We have had a Linux kernel for quite some time at Microsoft and recently released a first-party distribution of Linux called CBL mariner Linux. We have built a Linux Virtual Machine on top of Windows's curated to run Azure IoT Edge. The Azure IoT Edge is sitting on top of this curated Linux space to run any custom modules you get from the Marketplace or your own custom solution you build from scratch.

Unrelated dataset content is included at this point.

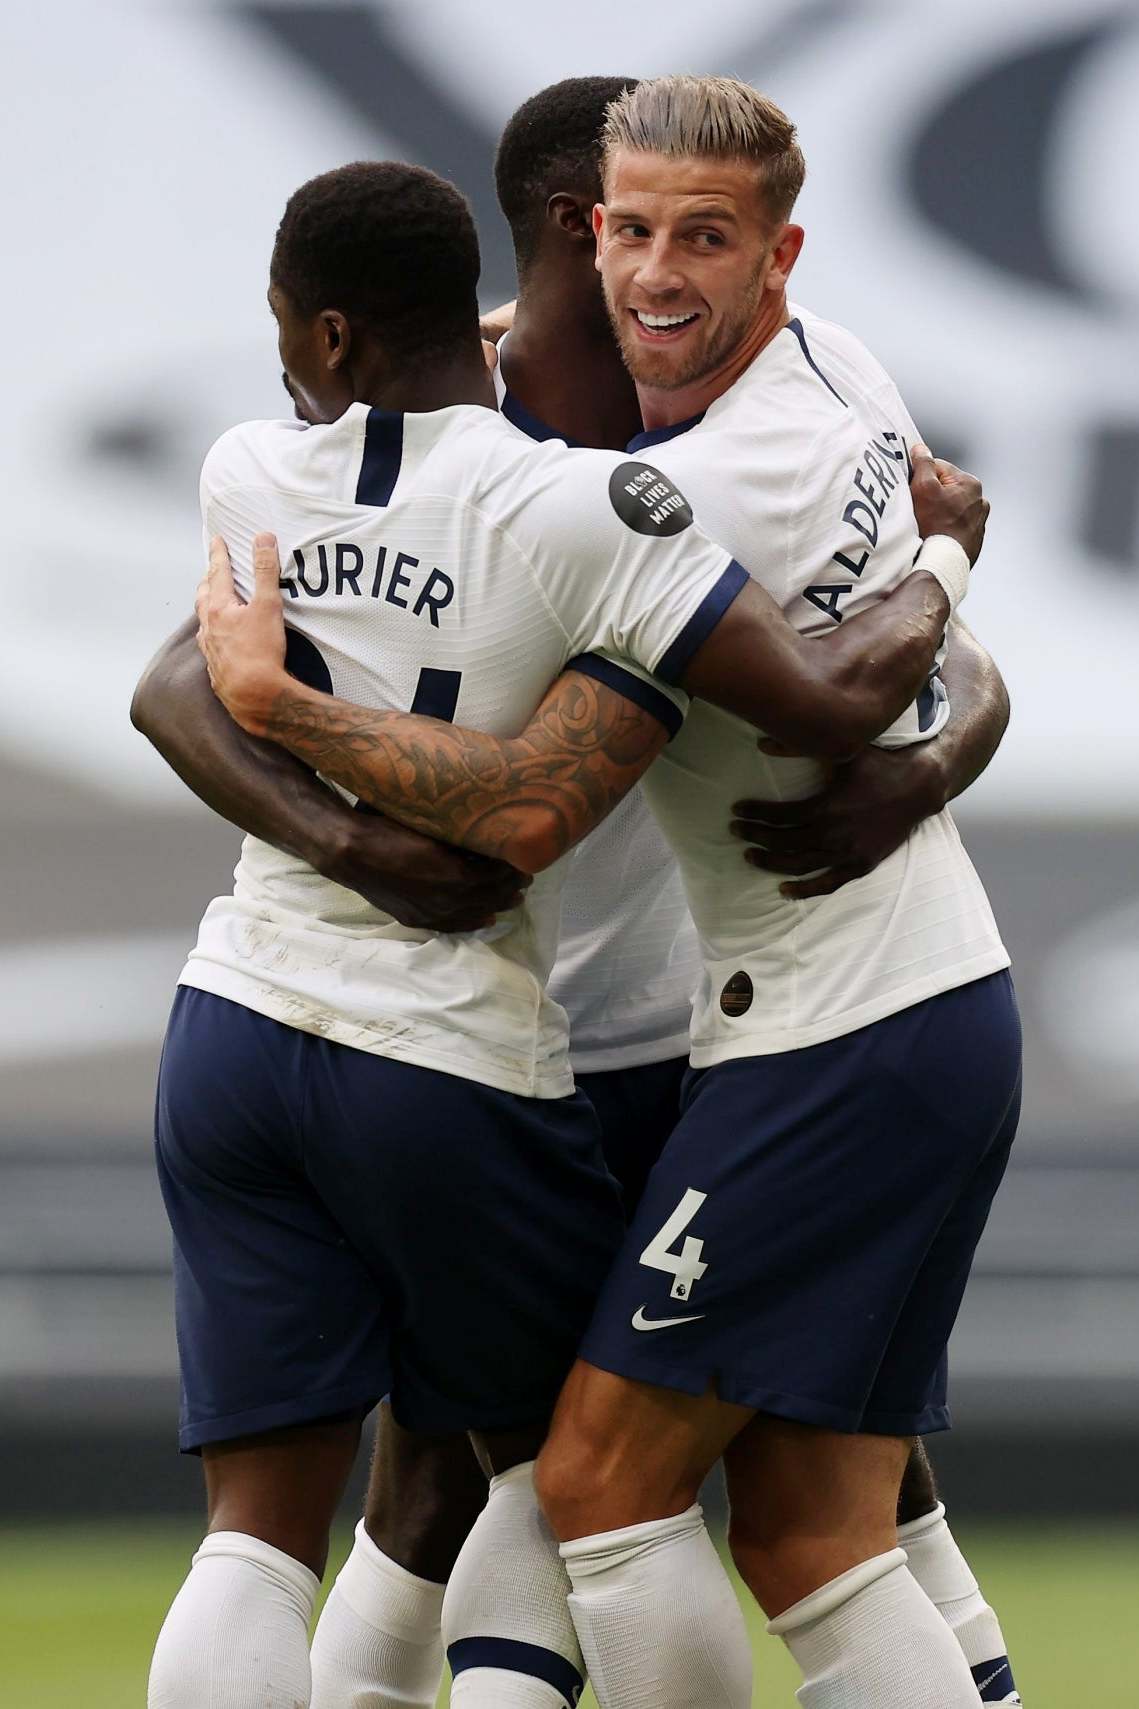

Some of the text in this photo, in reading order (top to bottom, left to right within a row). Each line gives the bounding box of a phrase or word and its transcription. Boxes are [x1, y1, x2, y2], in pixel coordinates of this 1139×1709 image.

[640, 482, 670, 508] LIVES
[649, 494, 686, 525] MATTER
[639, 1187, 709, 1301] 4

According to the blog post about the public preview EFLOW, the solution also includes:

  • A Windows Admin Center (WAC) extension facilitating installation, configuration, and diagnostics from a remote workstation or on the local device
  • Interoperability through bi-directional communication between Windows processes and Linux containers provides the best of both worlds where the Windows process can provide UI or hardware proxy for business logic and ML inferencing provided by the Linux containers
  • Integration with Microsoft Update to keep the software up-to-date, including the Windows runtime components, the Mariner VM, and Azure IoT Edge

Warwick also said in the video why Microsoft brought the EFLOW solution to its customers:

Our customers have to choose between running either Windows or Linux, or it requires a second device in the enterprise to host the Linux environments. These IT administrators may not have the skills to operate both platforms, or the enterprise may have a large investment in the management of one vs. the other. So we're focusing mostly on those enterprises and those solutions that have a vast investment in Windows architecture, Windows devices, Windows management, and Windows knowledge to really bring the best of both worlds together in a hybrid environment in a way that does not require the enterprise to set up a new control plane to manage a Linux environment.

EFLOW is currently available on all Hyper-V capable Windows 10 installations making millions of existing devices EFLOW capable, connected, and manageable through Azure. Furthermore, detailed information on Azure IoT Edge is available on the documentation landing page.